What the response needs is every record, repeated verbatim, and no images.

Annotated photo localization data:
|---|

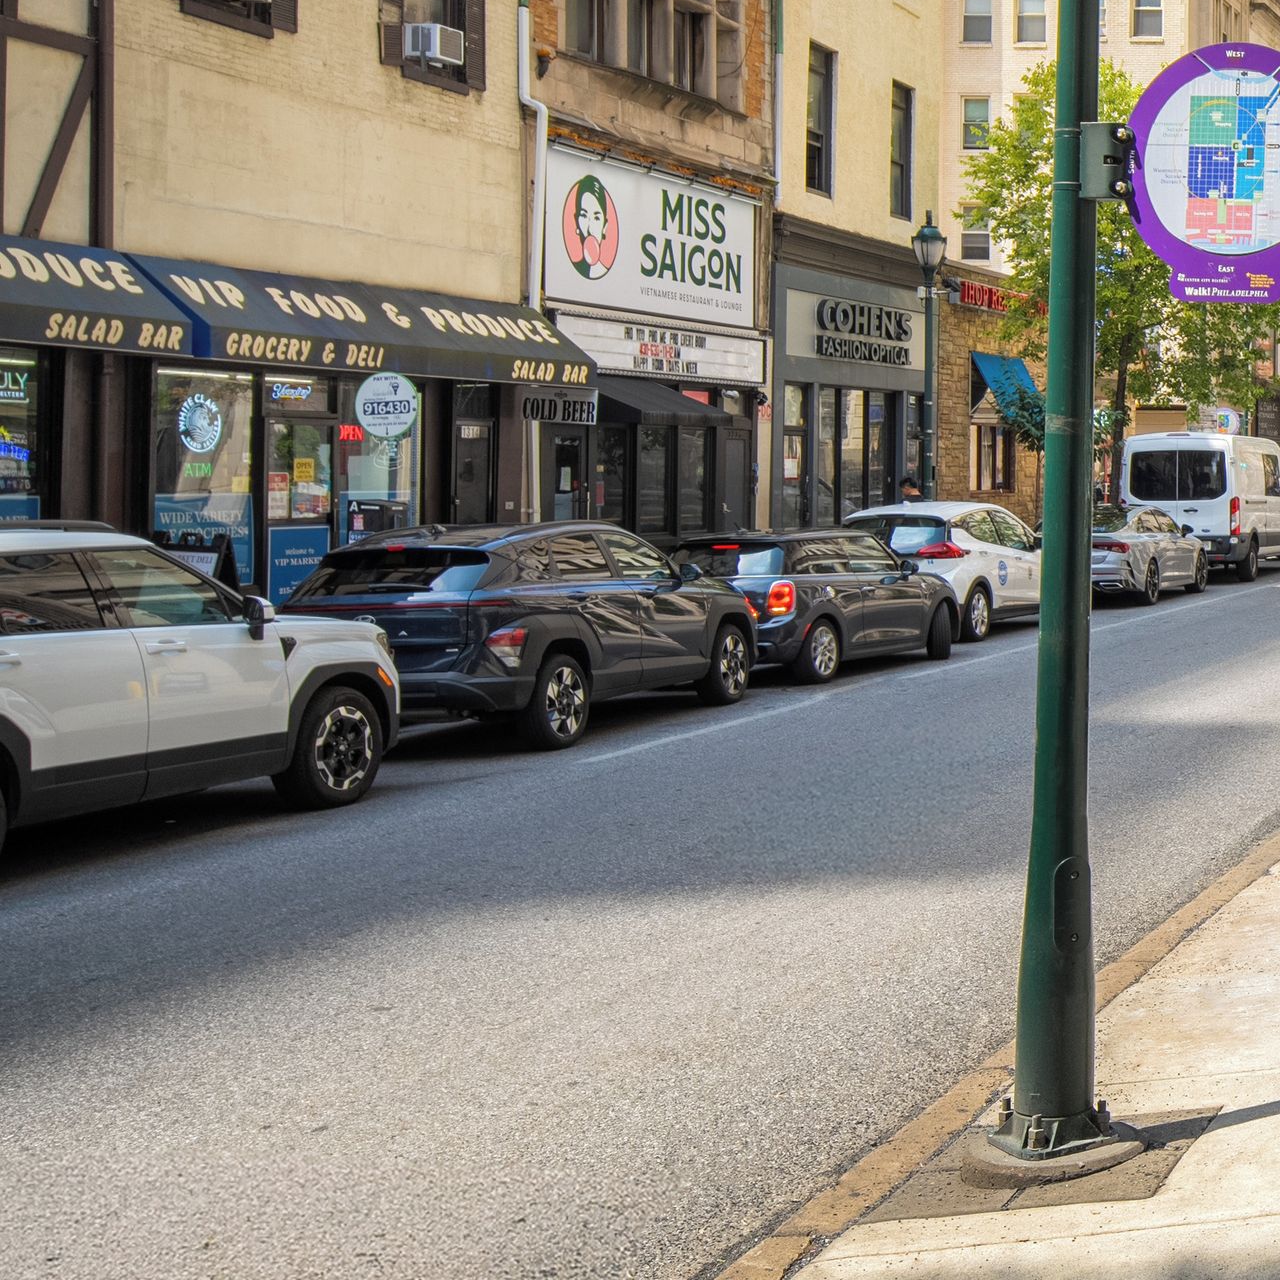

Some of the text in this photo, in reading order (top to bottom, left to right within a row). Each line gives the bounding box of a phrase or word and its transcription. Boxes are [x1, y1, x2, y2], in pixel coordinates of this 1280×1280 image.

[1225, 49, 1245, 58] WEST
[662, 189, 726, 244] MISS
[640, 233, 742, 294] SAIGON
[640, 286, 678, 301] VIETNAMESE
[679, 293, 713, 307] RESTAURANT
[720, 301, 743, 312] LOUNGE
[1211, 287, 1269, 297] PHILADELPHIA
[169, 274, 560, 344] VIP FOOD & PRODUCE
[817, 298, 913, 343] COHEN'S
[45, 313, 184, 351] SALAD BAR
[225, 332, 385, 369] GROCERY & DELI
[820, 335, 912, 366] FASHION OPTICAL
[511, 359, 589, 385] SALAD BAR
[178, 396, 194, 432] WHITE
[192, 393, 218, 414] CLAW
[364, 401, 409, 415] 916430
[523, 397, 595, 424] COLD BEER
[183, 462, 212, 478] ATM
[160, 509, 243, 524] WIDE VARIETY
[197, 553, 213, 564] DELI
[275, 557, 289, 567] VIP
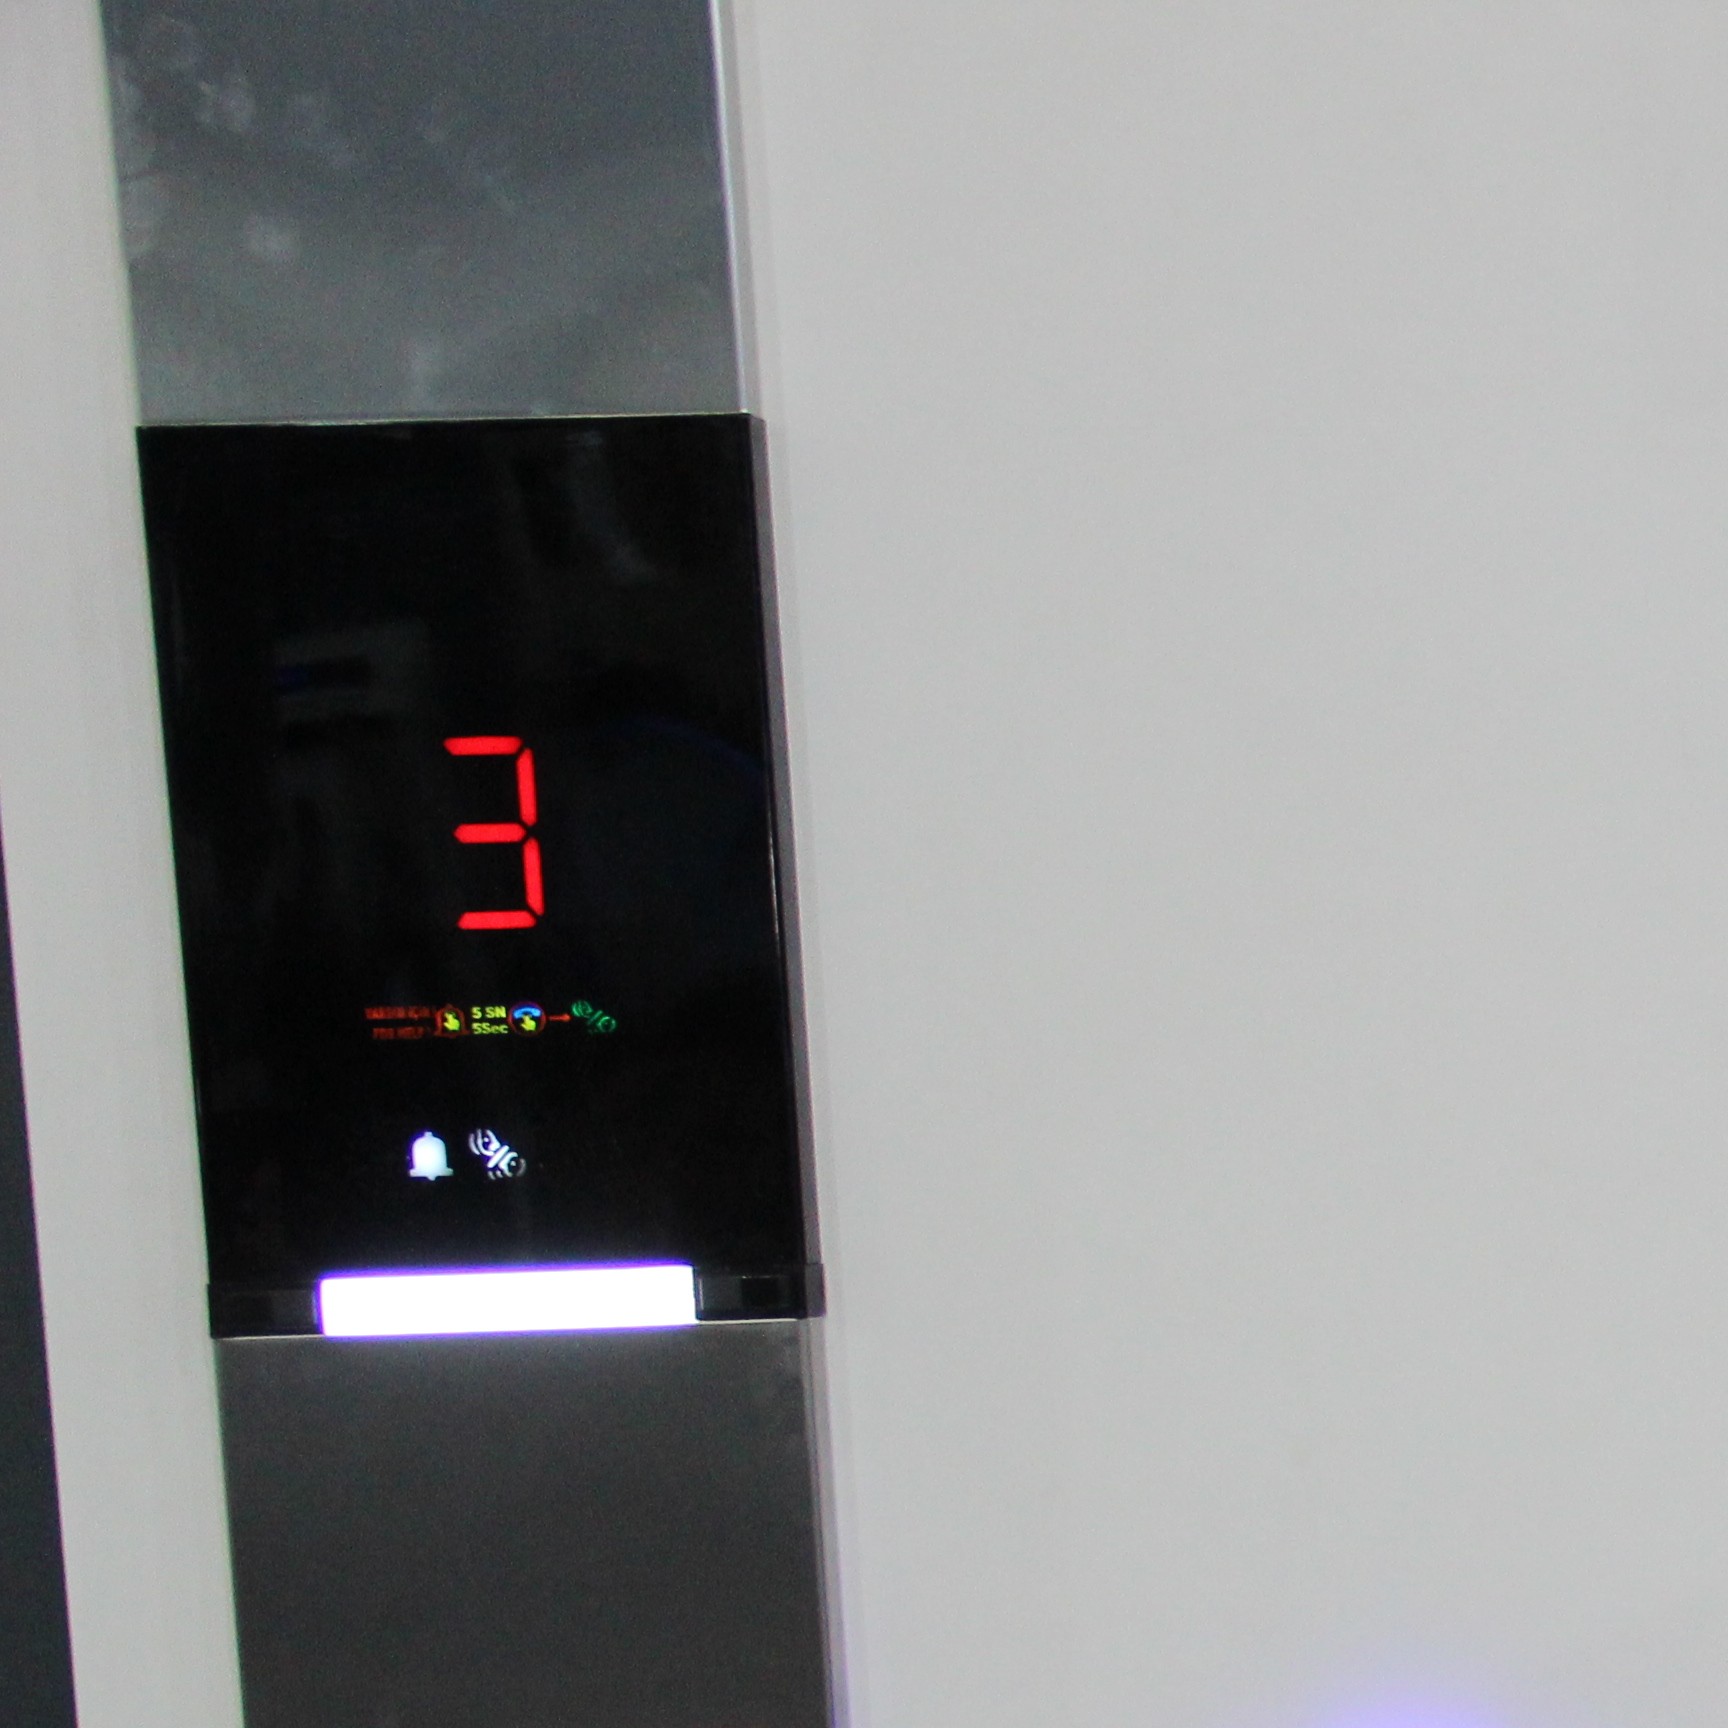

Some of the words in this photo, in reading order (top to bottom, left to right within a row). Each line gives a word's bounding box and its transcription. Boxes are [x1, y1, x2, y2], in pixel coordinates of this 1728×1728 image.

[443, 735, 545, 931] 3
[471, 1006, 482, 1019] 5
[485, 1006, 507, 1018] SN
[471, 1022, 508, 1034] 5Sec
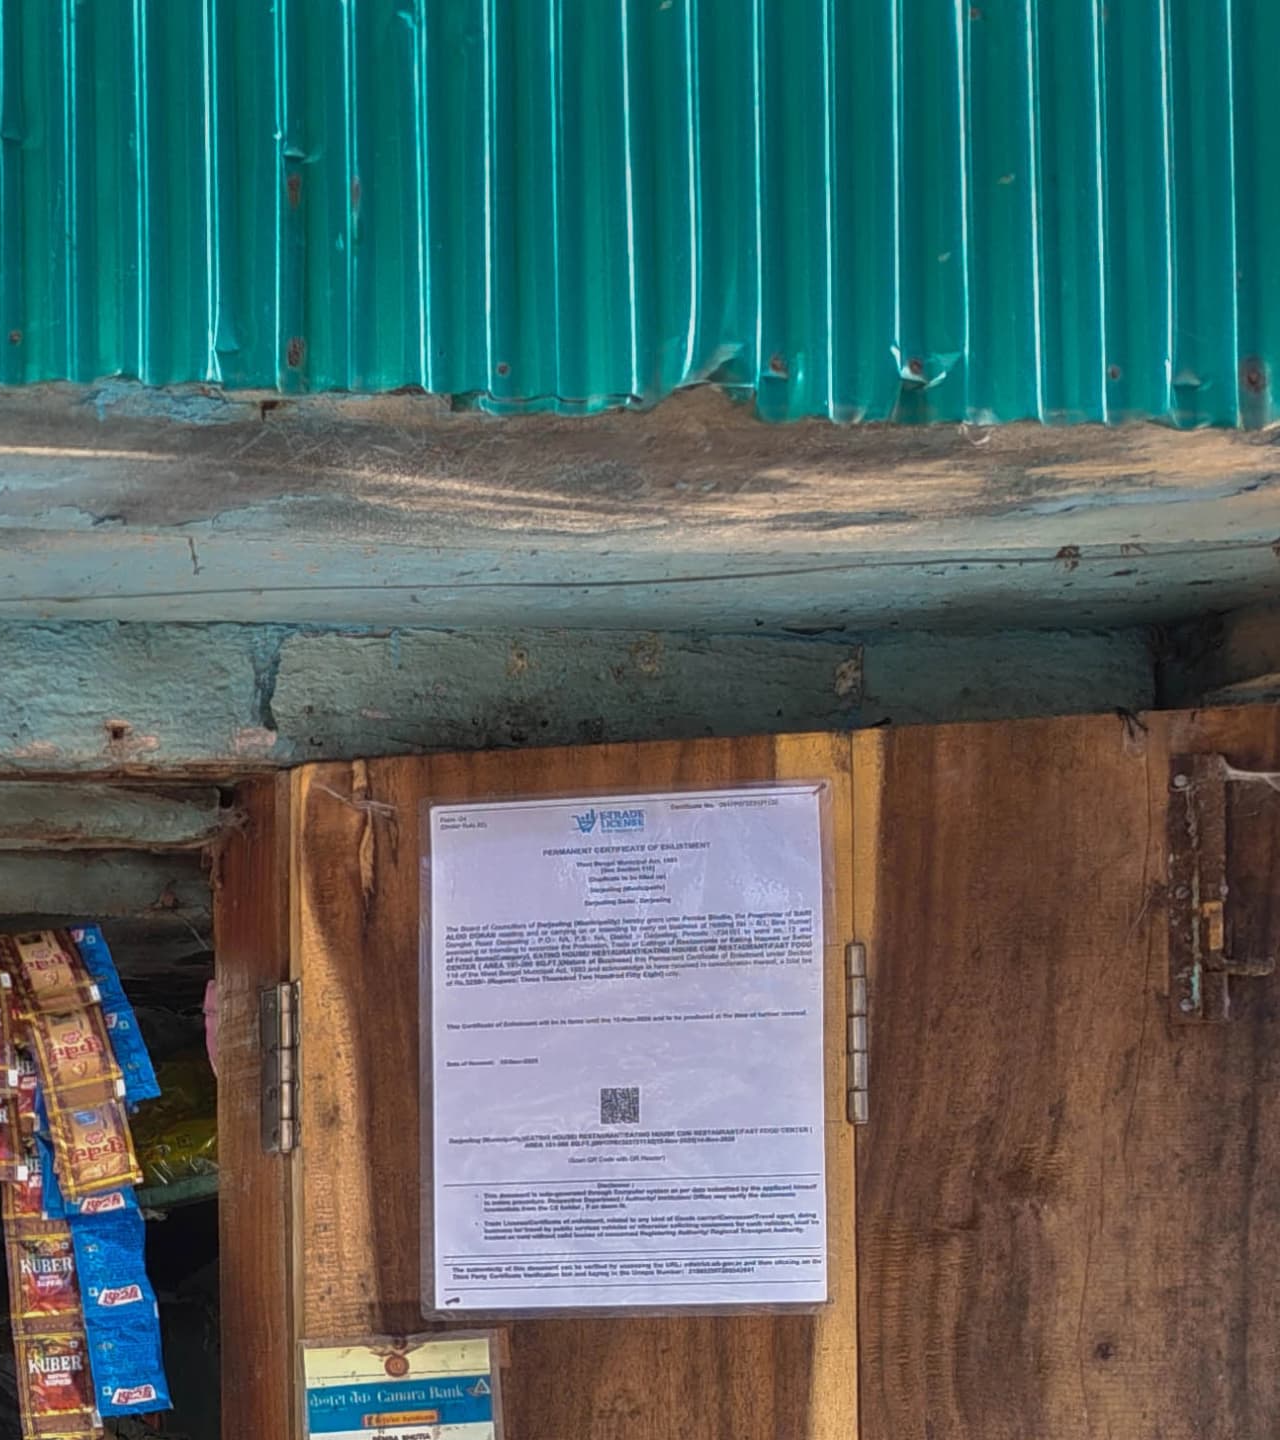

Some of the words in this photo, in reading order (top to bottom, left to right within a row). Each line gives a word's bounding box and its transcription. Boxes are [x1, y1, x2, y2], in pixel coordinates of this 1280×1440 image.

[21, 1256, 73, 1275] KUBER
[28, 1355, 83, 1375] KUBER
[377, 1388, 425, 1403] Canara
[429, 1384, 464, 1399] Bank

|---|

▸ **Your response**:
Some of the text in this photo, in reading order (top to bottom, left to right within a row). Each line gives the bounding box of a phrase or word and its transcription. Boxes are [x1, y1, x2, y2], in pixel coordinates of this 1280×1280 image.

[1225, 49, 1245, 58] WEST
[662, 189, 726, 244] MISS
[640, 233, 742, 294] SAIGON
[640, 286, 678, 301] VIETNAMESE
[679, 293, 713, 307] RESTAURANT
[720, 301, 743, 312] LOUNGE
[1211, 287, 1269, 297] PHILADELPHIA
[169, 274, 560, 344] VIP FOOD & PRODUCE
[817, 298, 913, 343] COHEN'S
[45, 313, 184, 351] SALAD BAR
[225, 332, 385, 369] GROCERY & DELI
[820, 335, 912, 366] FASHION OPTICAL
[511, 359, 589, 385] SALAD BAR
[178, 396, 194, 432] WHITE
[192, 393, 218, 414] CLAW
[364, 401, 409, 415] 916430
[523, 397, 595, 424] COLD BEER
[183, 462, 212, 478] ATM
[160, 509, 243, 524] WIDE VARIETY
[197, 553, 213, 564] DELI
[275, 557, 289, 567] VIP

Some of the words in this photo, in reading order (top to bottom, left to right within a row). Each line gives a word's bounding box and its transcription. Boxes are [x1, y1, x2, y2], in pixel coordinates of this 1728×1728 image.

[443, 735, 545, 931] 3
[471, 1006, 482, 1019] 5
[485, 1006, 507, 1018] SN
[471, 1022, 508, 1034] 5Sec

Some of the words in this photo, in reading order (top to bottom, left to right within a row). Each line gives a word's bounding box and its transcription. Boxes are [x1, y1, x2, y2], in pixel coordinates of this 1280×1440 image.

[21, 1256, 73, 1275] KUBER
[28, 1355, 83, 1375] KUBER
[377, 1388, 425, 1403] Canara
[429, 1384, 464, 1399] Bank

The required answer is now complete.